### WHAT THE EXERCISE ASKS
Please restate the records that follow word for word, omitting any images.
*** Opening DATASET EXTRACT ***
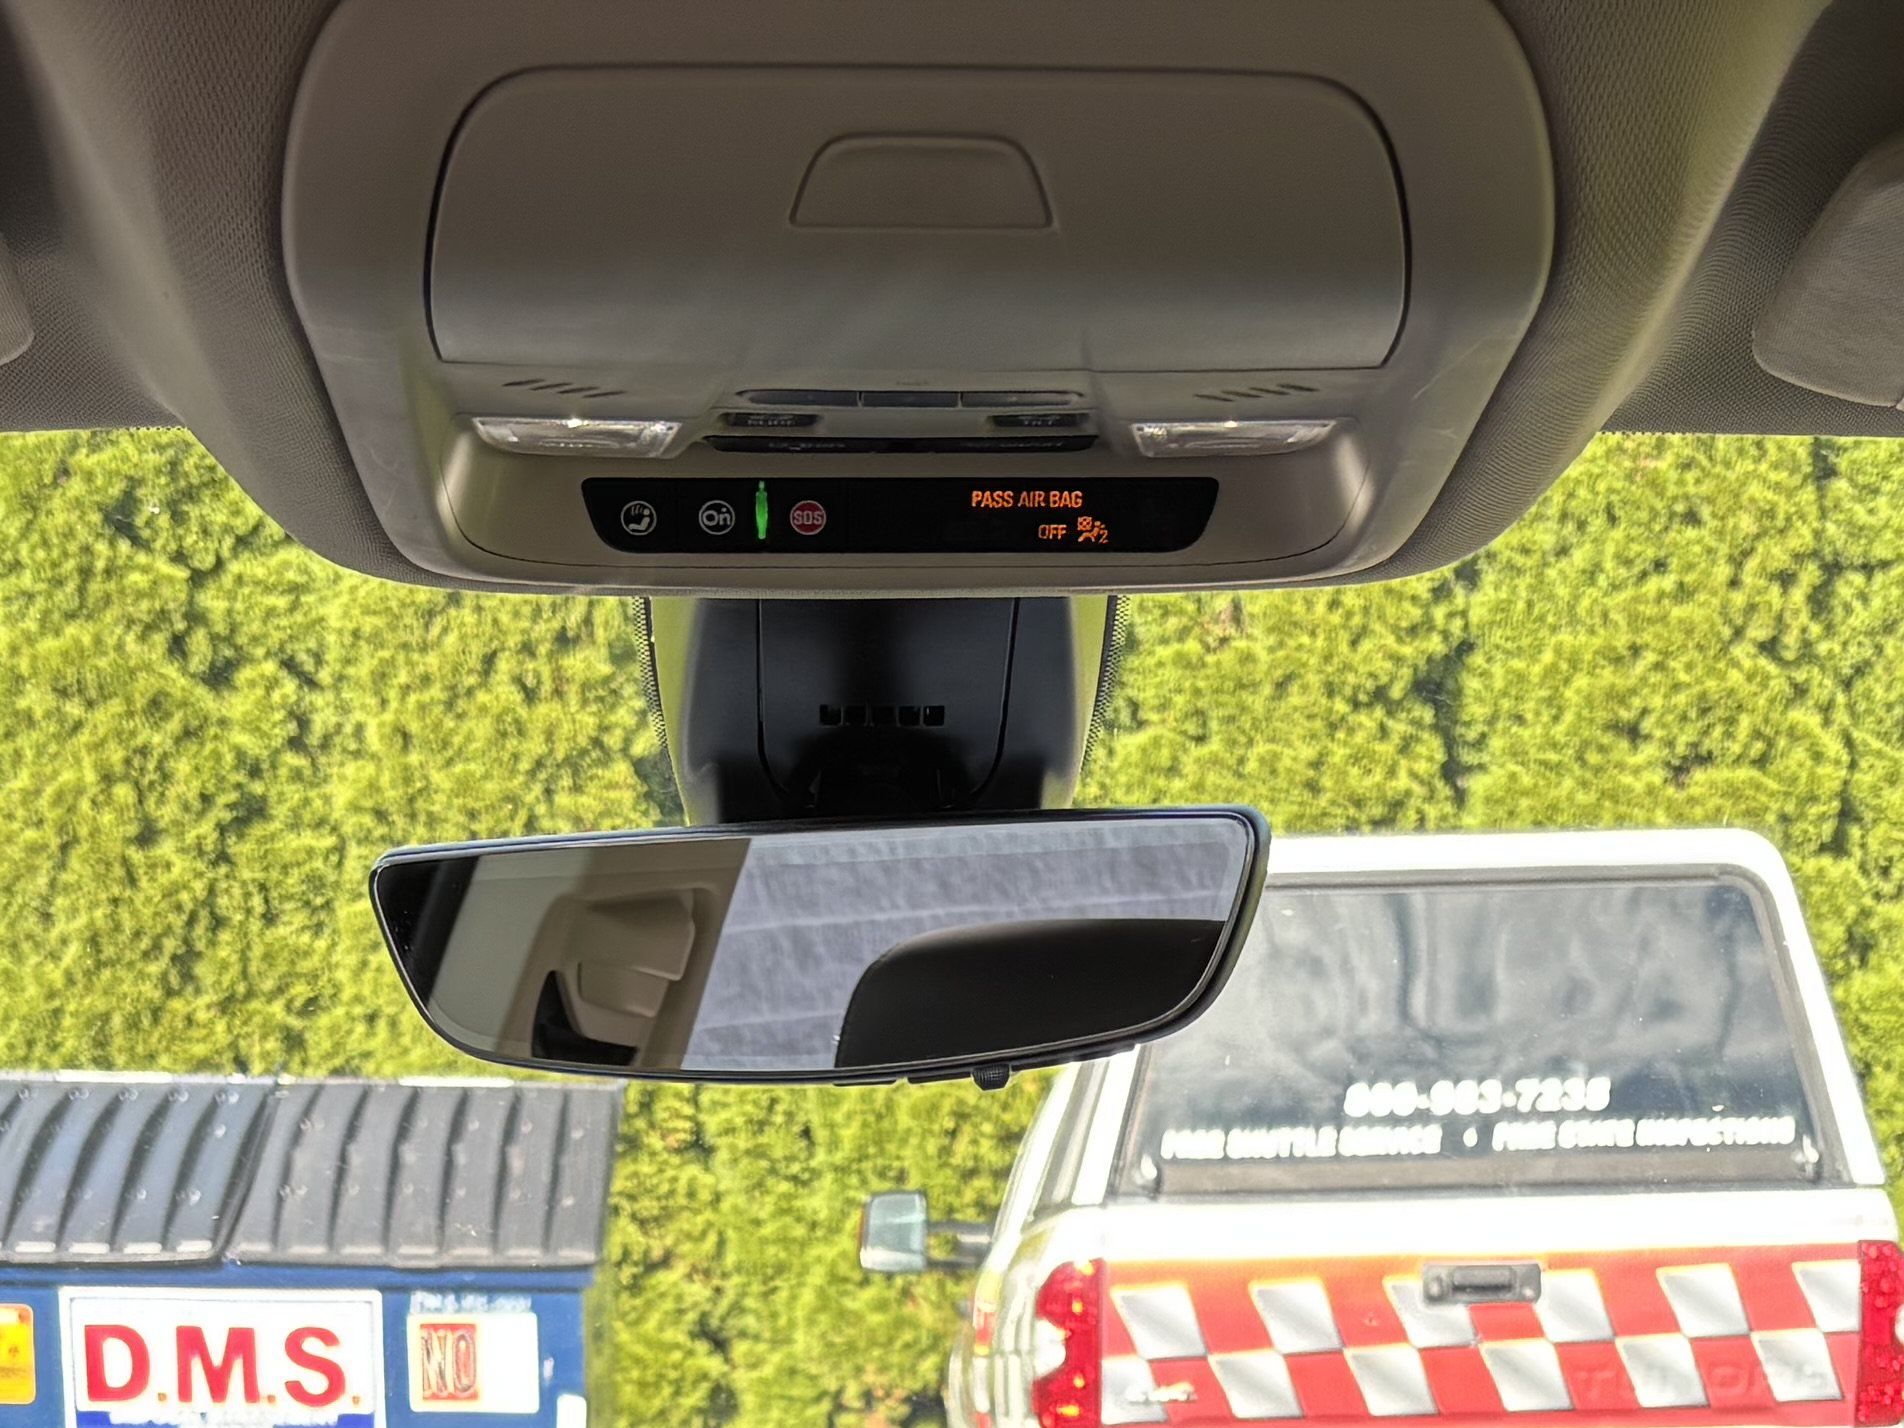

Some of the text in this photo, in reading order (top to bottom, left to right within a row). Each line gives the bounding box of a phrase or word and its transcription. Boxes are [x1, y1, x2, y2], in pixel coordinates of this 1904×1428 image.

[971, 490, 1083, 508] PASS AIR BAG
[793, 510, 823, 526] SOS
[1038, 524, 1068, 540] OFF
[84, 1324, 362, 1408] D.M.S.
[420, 1327, 477, 1394] NO
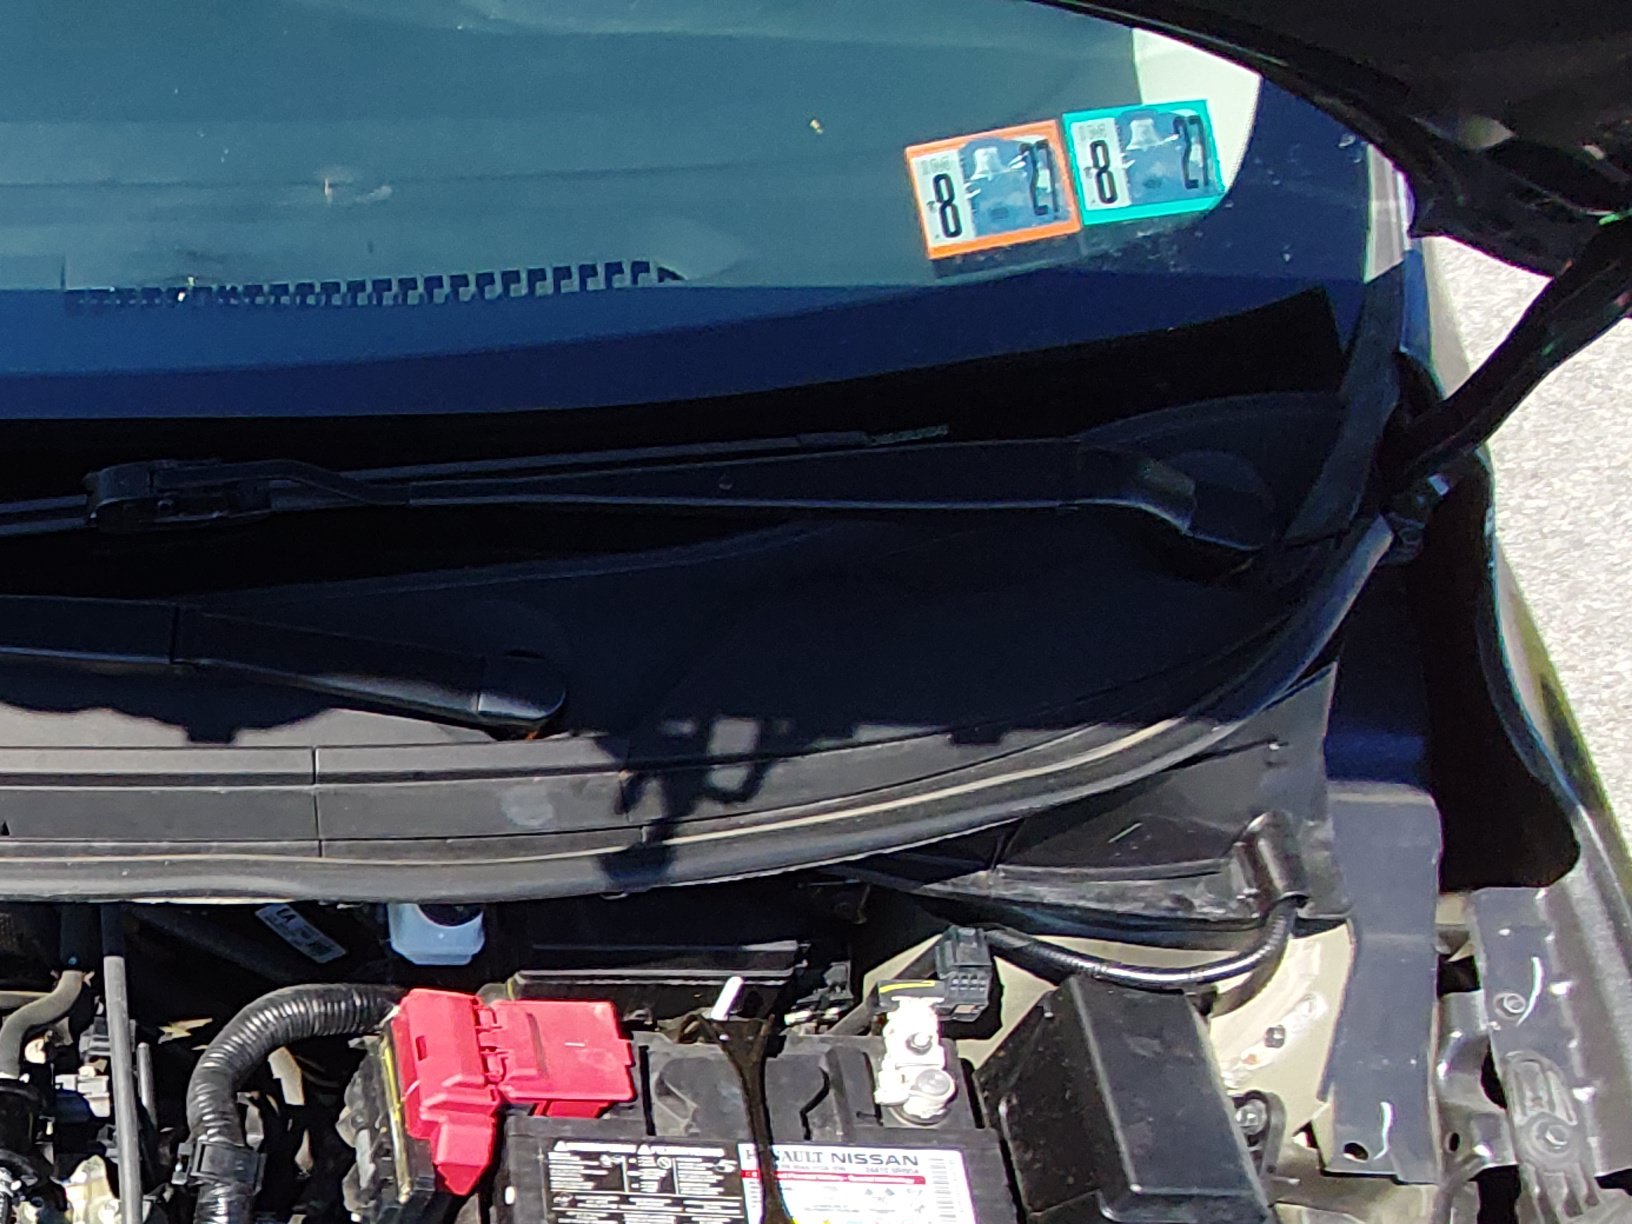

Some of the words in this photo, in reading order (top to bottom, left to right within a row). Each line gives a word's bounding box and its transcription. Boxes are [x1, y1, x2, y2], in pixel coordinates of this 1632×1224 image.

[1089, 140, 1118, 204] 8
[932, 173, 962, 238] 8
[831, 1152, 918, 1166] NISSAN
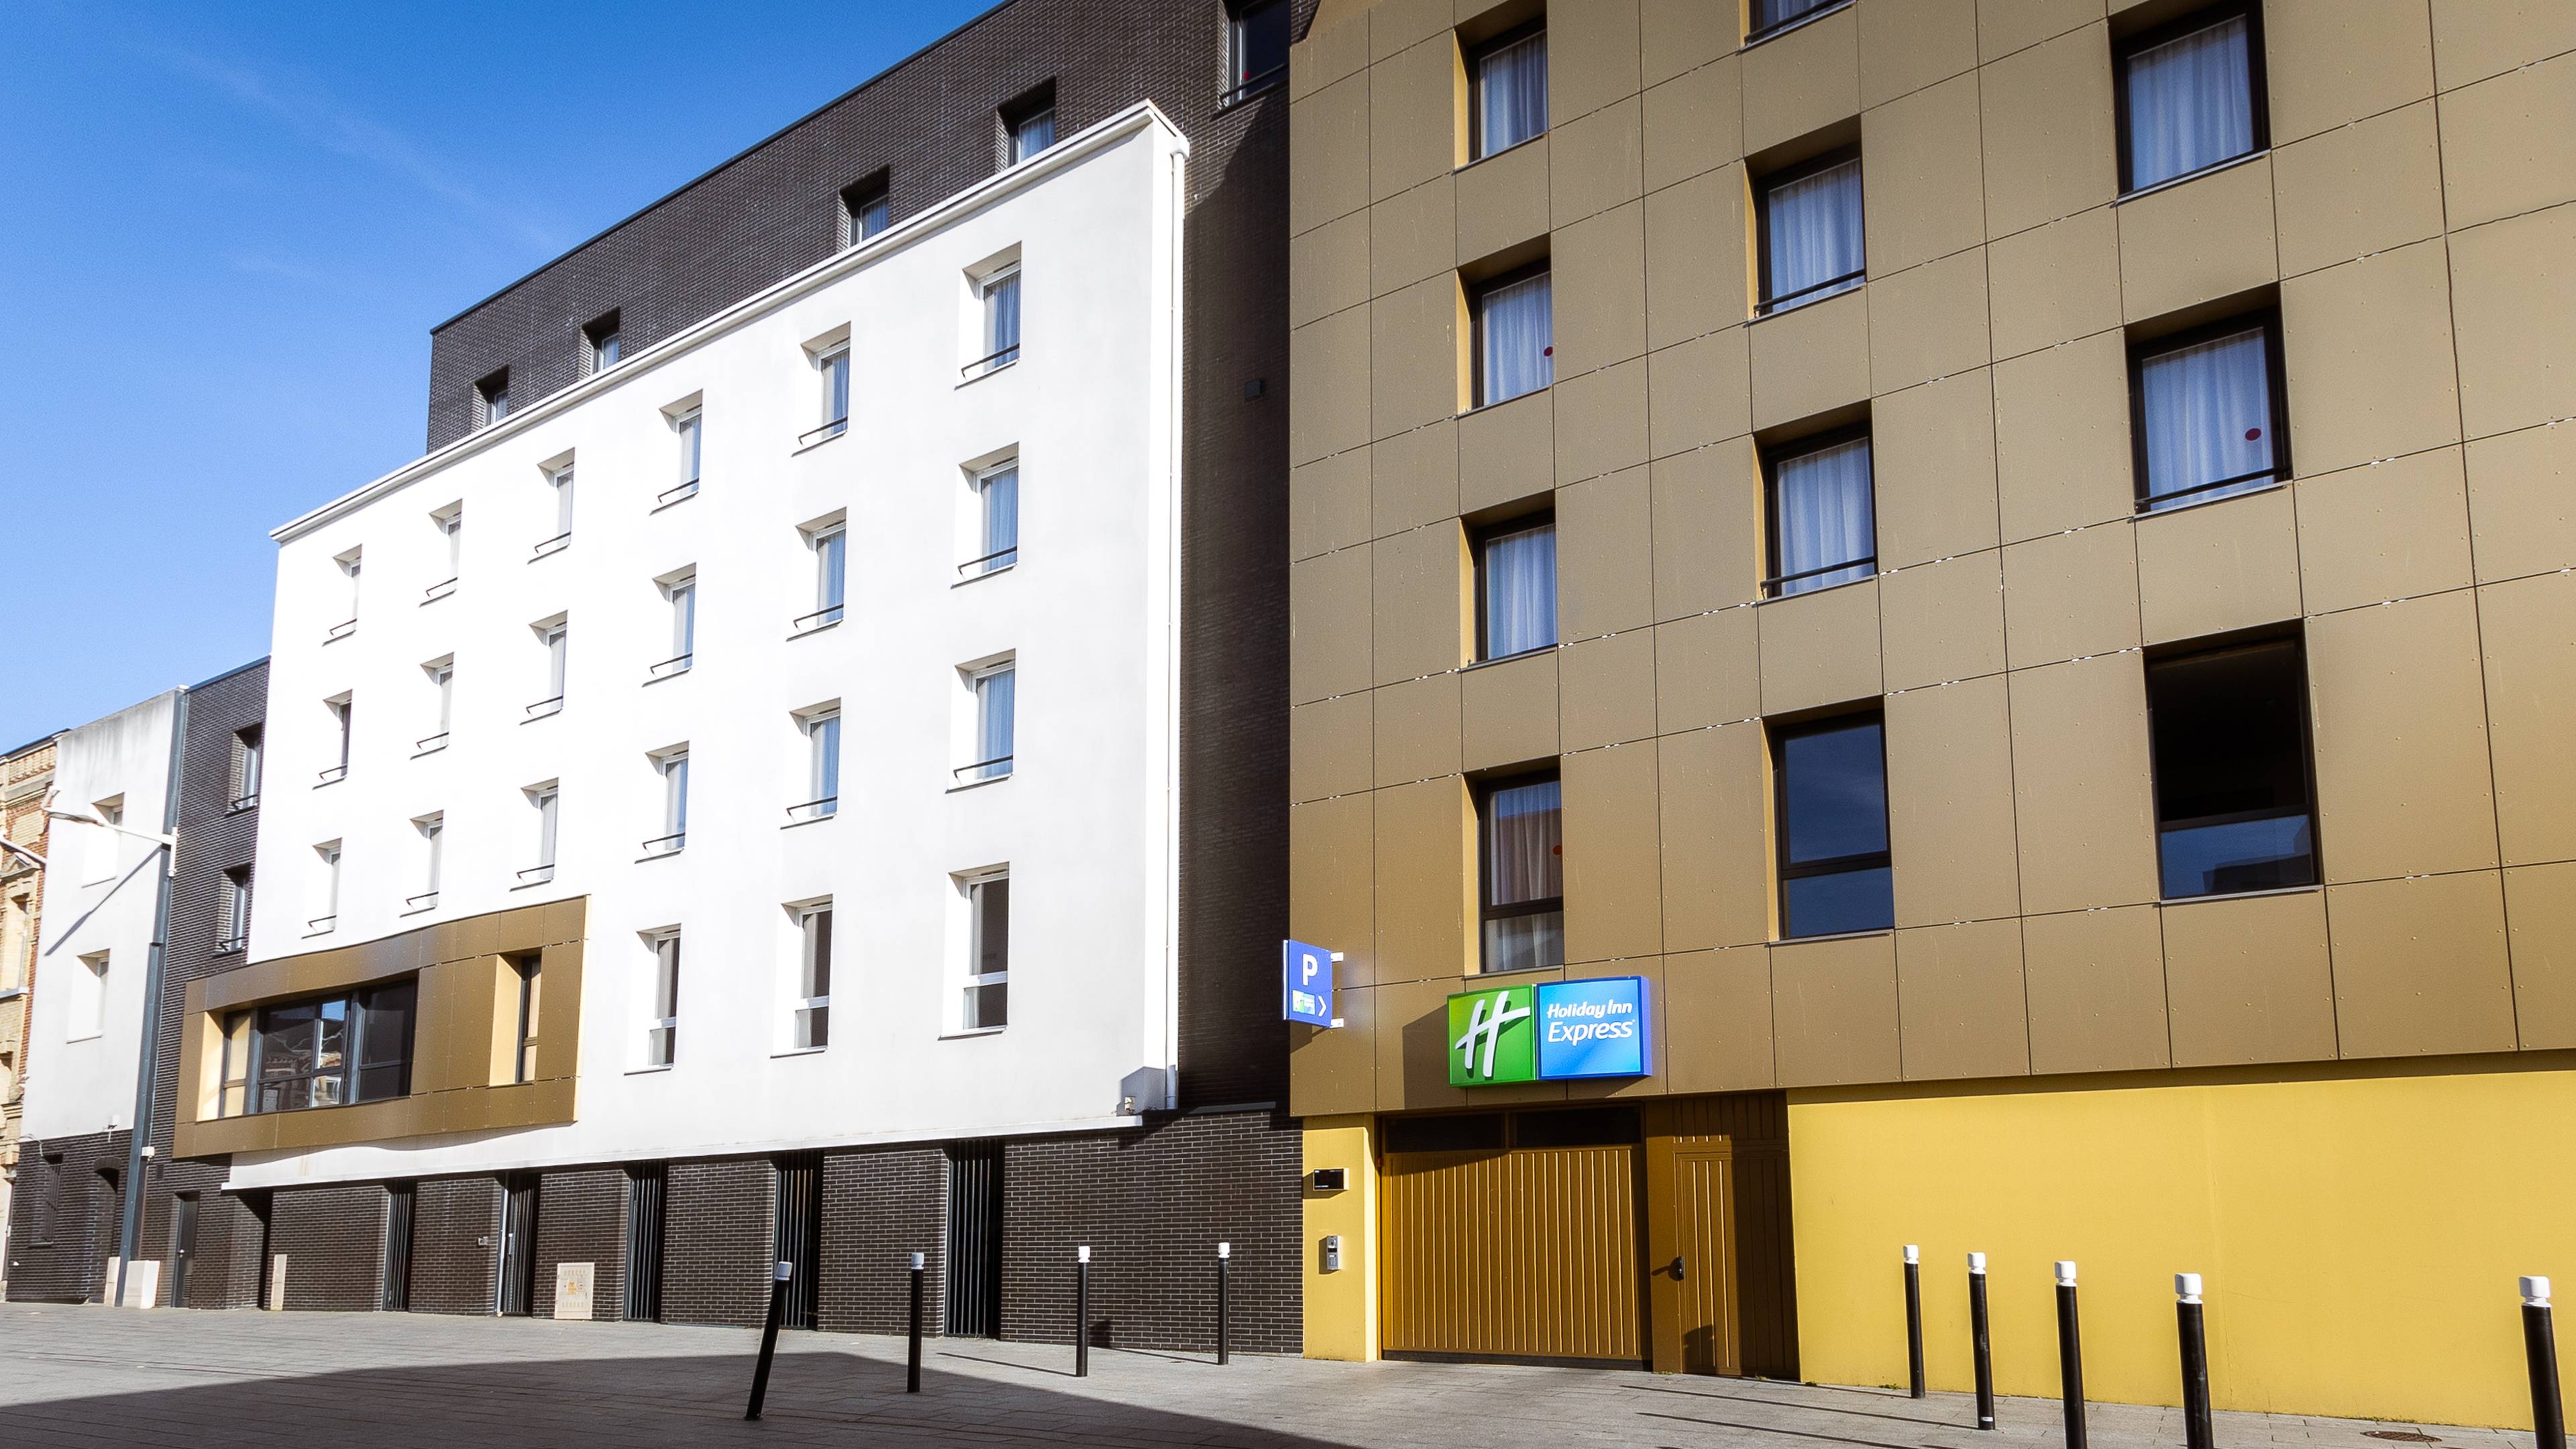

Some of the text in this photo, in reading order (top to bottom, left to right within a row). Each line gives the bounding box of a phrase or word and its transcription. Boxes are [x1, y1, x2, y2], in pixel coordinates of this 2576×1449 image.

[1302, 953, 1318, 986] P
[1547, 999, 1633, 1019] Holiday Inn
[1454, 990, 1530, 1077] H
[1548, 1021, 1633, 1046] Express
*** Closing DATASET EXTRACT ***
### EXERCISE SOLUTION
Some of the text in this photo, in reading order (top to bottom, left to right within a row). Each line gives the bounding box of a phrase or word and its transcription. Boxes are [x1, y1, x2, y2], in pixel coordinates of this 1904×1428 image.

[971, 490, 1083, 508] PASS AIR BAG
[793, 510, 823, 526] SOS
[1038, 524, 1068, 540] OFF
[84, 1324, 362, 1408] D.M.S.
[420, 1327, 477, 1394] NO

Some of the words in this photo, in reading order (top to bottom, left to right within a row). Each line gives a word's bounding box and its transcription. Boxes are [x1, y1, x2, y2], in pixel coordinates of this 1632×1224 image.

[1089, 140, 1118, 204] 8
[932, 173, 962, 238] 8
[831, 1152, 918, 1166] NISSAN

Some of the text in this photo, in reading order (top to bottom, left to right within a row). Each line gives the bounding box of a phrase or word and its transcription. Boxes are [x1, y1, x2, y2], in pixel coordinates of this 2576×1449 image.

[1302, 953, 1318, 986] P
[1547, 999, 1633, 1019] Holiday Inn
[1454, 990, 1530, 1077] H
[1548, 1021, 1633, 1046] Express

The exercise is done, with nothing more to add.